**Excerpted data**

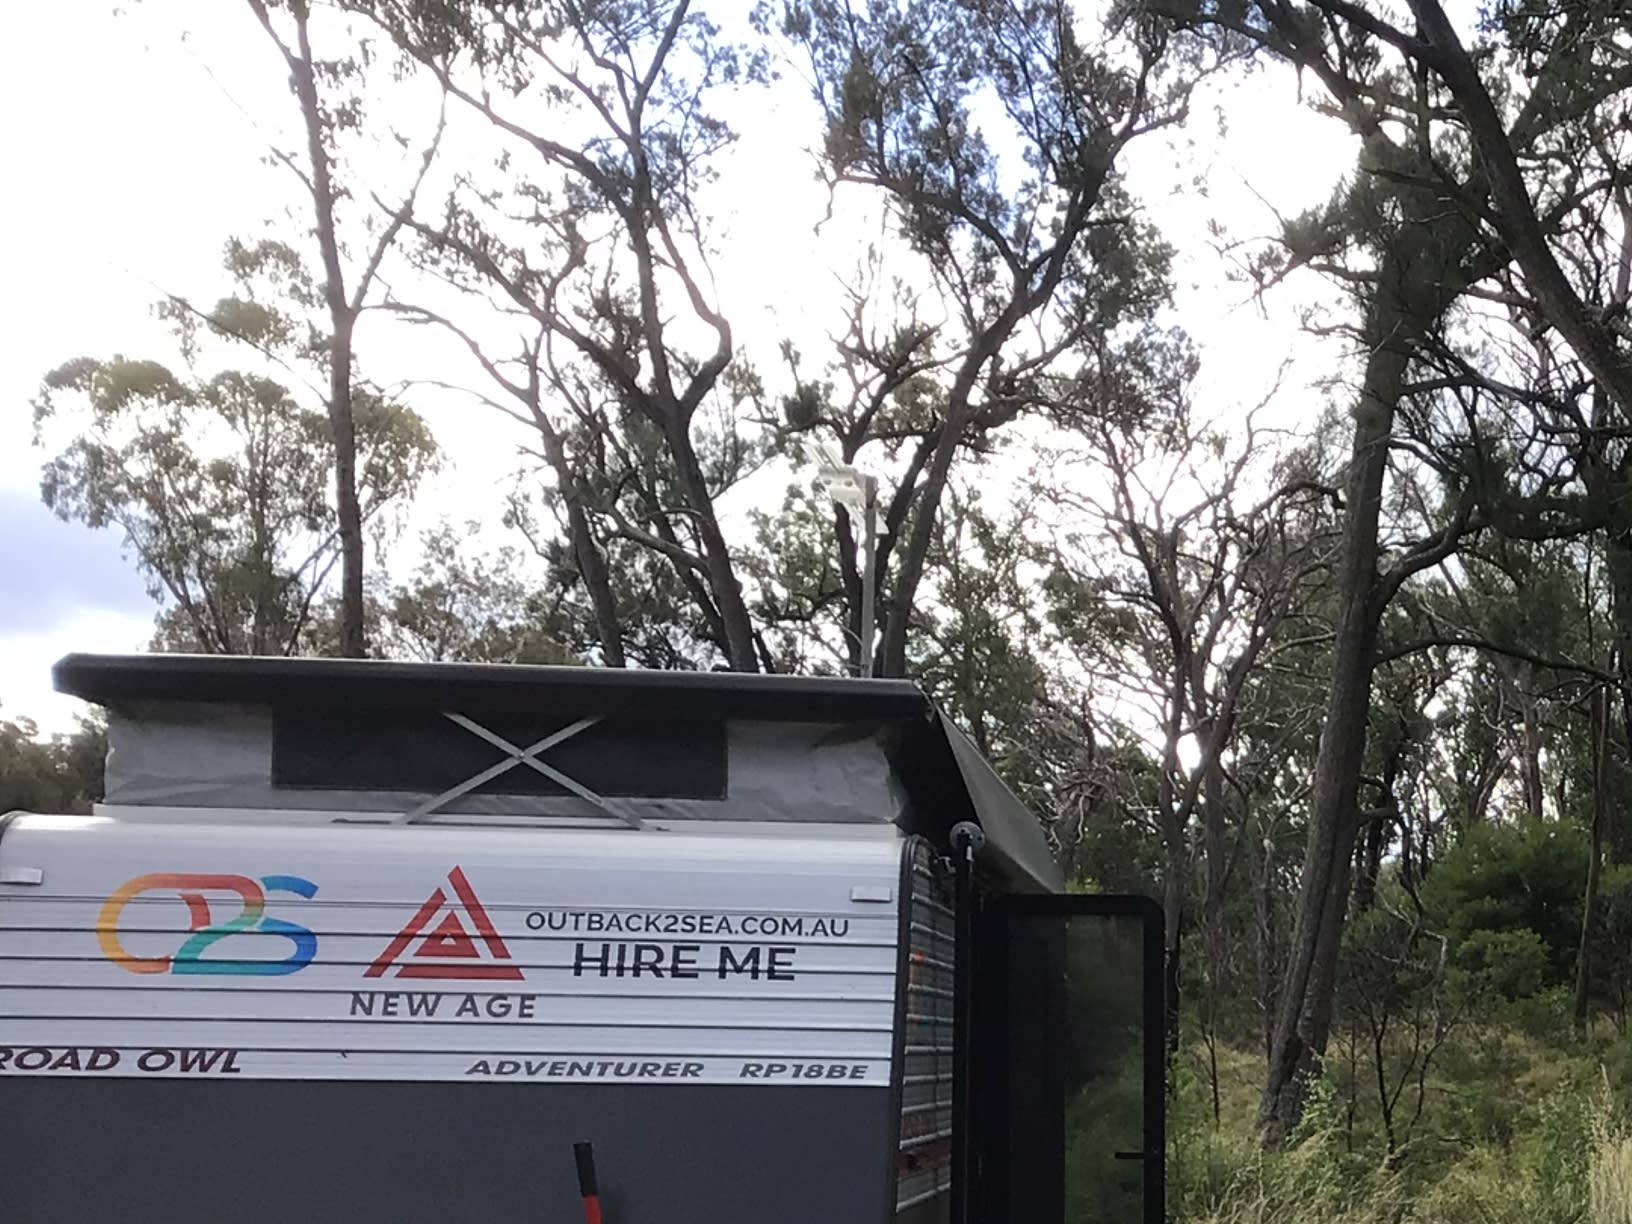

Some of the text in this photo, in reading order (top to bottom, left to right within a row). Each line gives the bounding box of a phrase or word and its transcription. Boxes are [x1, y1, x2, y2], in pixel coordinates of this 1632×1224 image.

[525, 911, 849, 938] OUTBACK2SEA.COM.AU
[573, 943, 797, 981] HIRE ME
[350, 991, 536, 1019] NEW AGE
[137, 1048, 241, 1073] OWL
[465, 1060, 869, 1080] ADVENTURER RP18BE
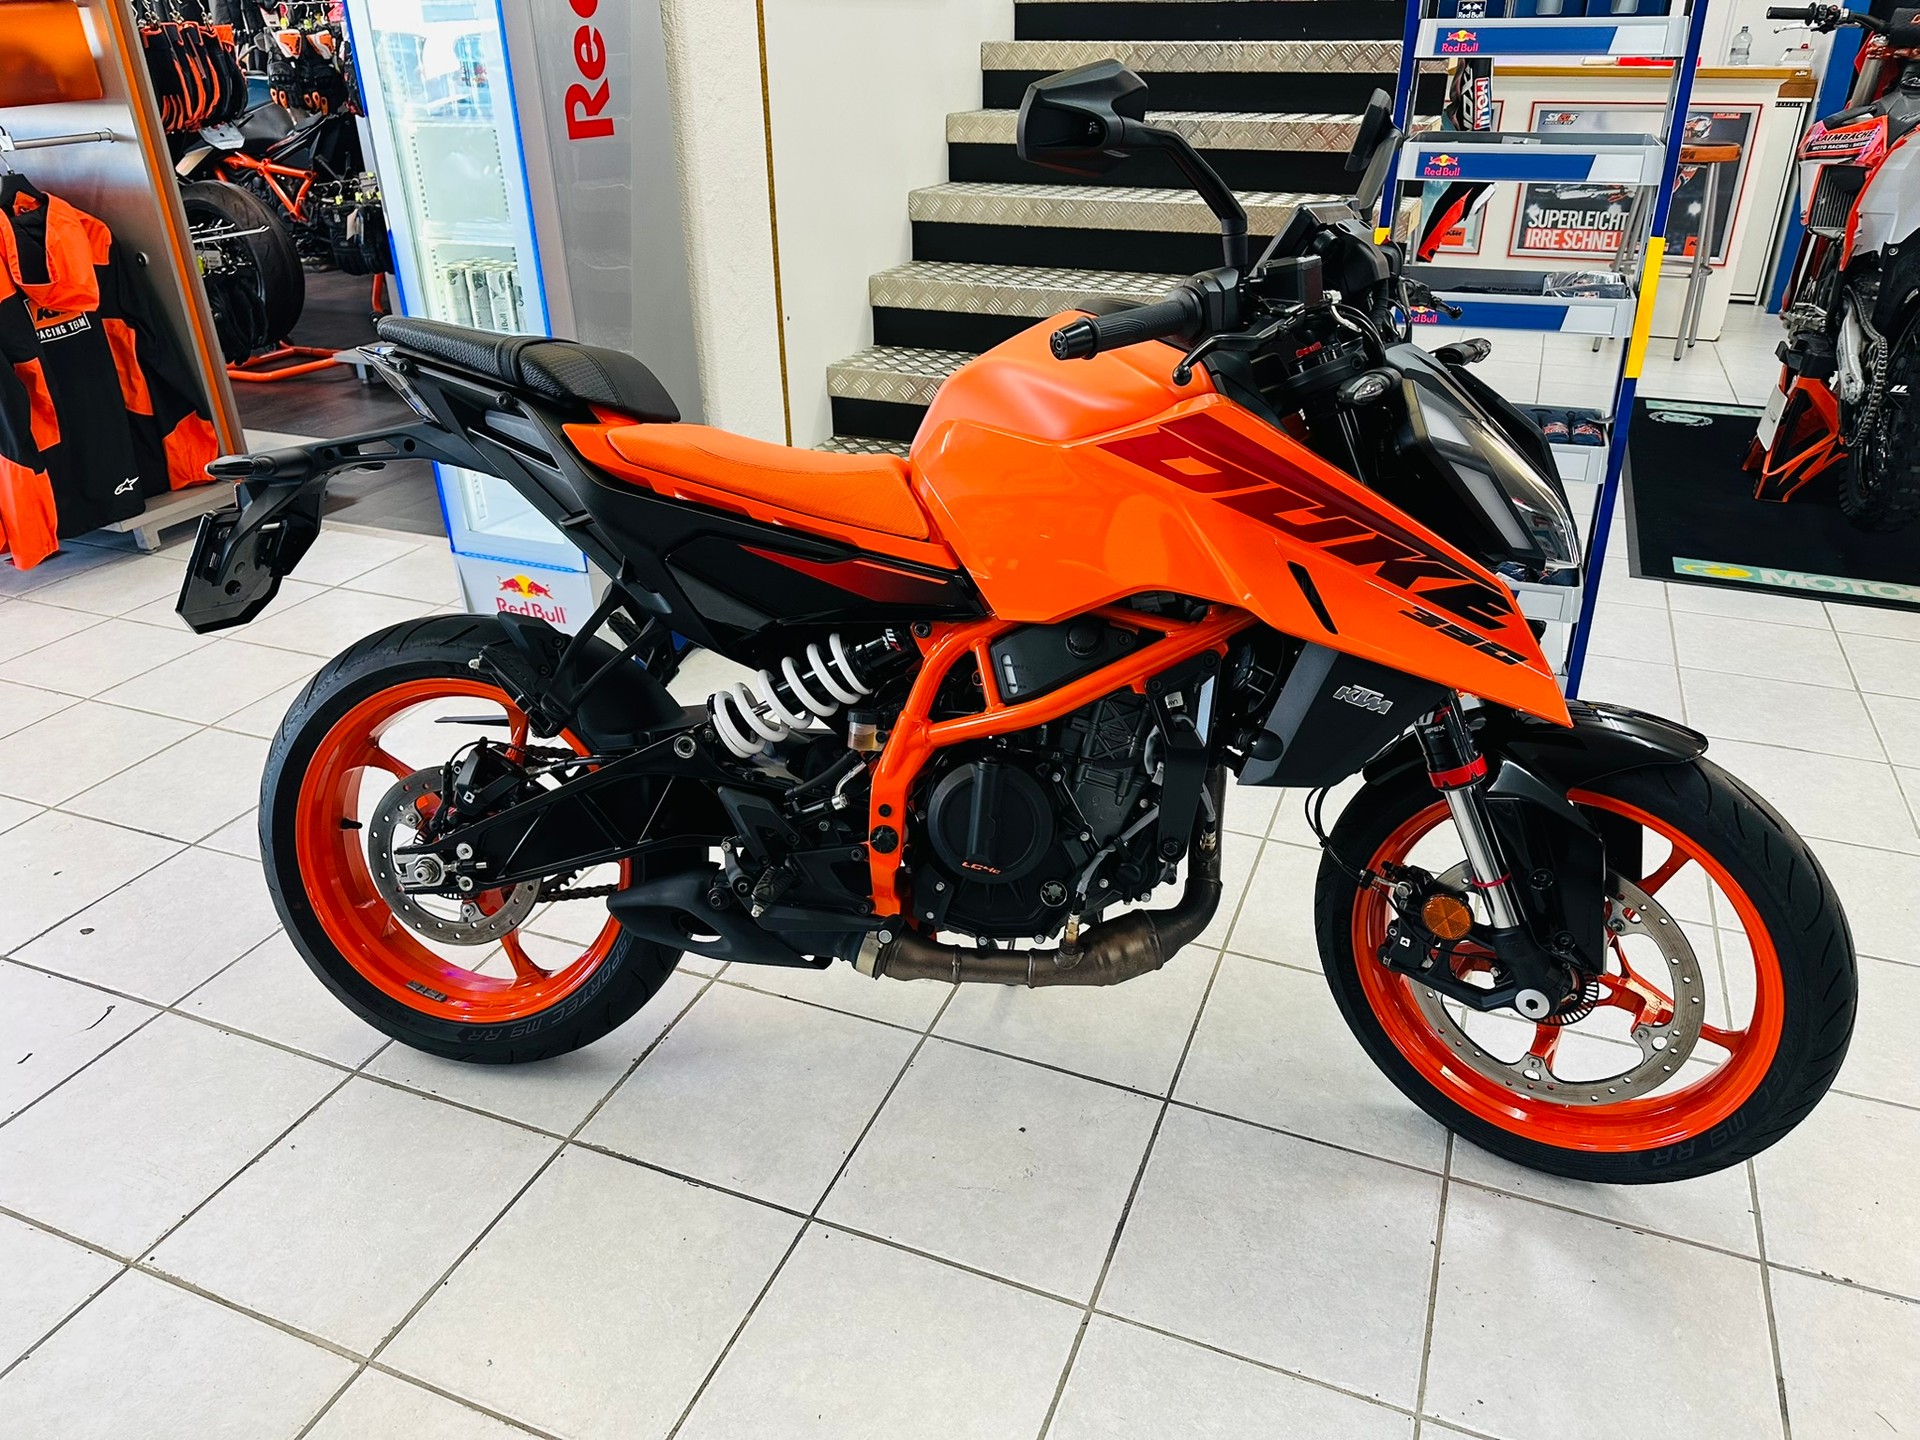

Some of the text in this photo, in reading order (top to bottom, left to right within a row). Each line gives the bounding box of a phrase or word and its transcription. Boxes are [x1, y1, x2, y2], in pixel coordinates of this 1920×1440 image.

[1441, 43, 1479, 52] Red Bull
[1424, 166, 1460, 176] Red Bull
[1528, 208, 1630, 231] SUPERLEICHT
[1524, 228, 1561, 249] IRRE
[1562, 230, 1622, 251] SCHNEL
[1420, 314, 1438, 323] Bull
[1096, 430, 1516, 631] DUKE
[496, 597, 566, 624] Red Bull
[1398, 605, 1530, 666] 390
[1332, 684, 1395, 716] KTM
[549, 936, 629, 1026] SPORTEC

**Task to complete**
Each record above needs to be retyped exactly, without any pictures.

**Finished task**
Some of the text in this photo, in reading order (top to bottom, left to right within a row). Each line gives the bounding box of a phrase or word and its transcription. Boxes are [x1, y1, x2, y2], in pixel coordinates of this 1632×1224 image.

[525, 911, 849, 938] OUTBACK2SEA.COM.AU
[573, 943, 797, 981] HIRE ME
[350, 991, 536, 1019] NEW AGE
[137, 1048, 241, 1073] OWL
[465, 1060, 869, 1080] ADVENTURER RP18BE

Some of the text in this photo, in reading order (top to bottom, left to right within a row). Each line gives the bounding box of a phrase or word and its transcription. Boxes are [x1, y1, x2, y2], in pixel coordinates of this 1920×1440 image.

[1441, 43, 1479, 52] Red Bull
[1424, 166, 1460, 176] Red Bull
[1528, 208, 1630, 231] SUPERLEICHT
[1524, 228, 1561, 249] IRRE
[1562, 230, 1622, 251] SCHNEL
[1420, 314, 1438, 323] Bull
[1096, 430, 1516, 631] DUKE
[496, 597, 566, 624] Red Bull
[1398, 605, 1530, 666] 390
[1332, 684, 1395, 716] KTM
[549, 936, 629, 1026] SPORTEC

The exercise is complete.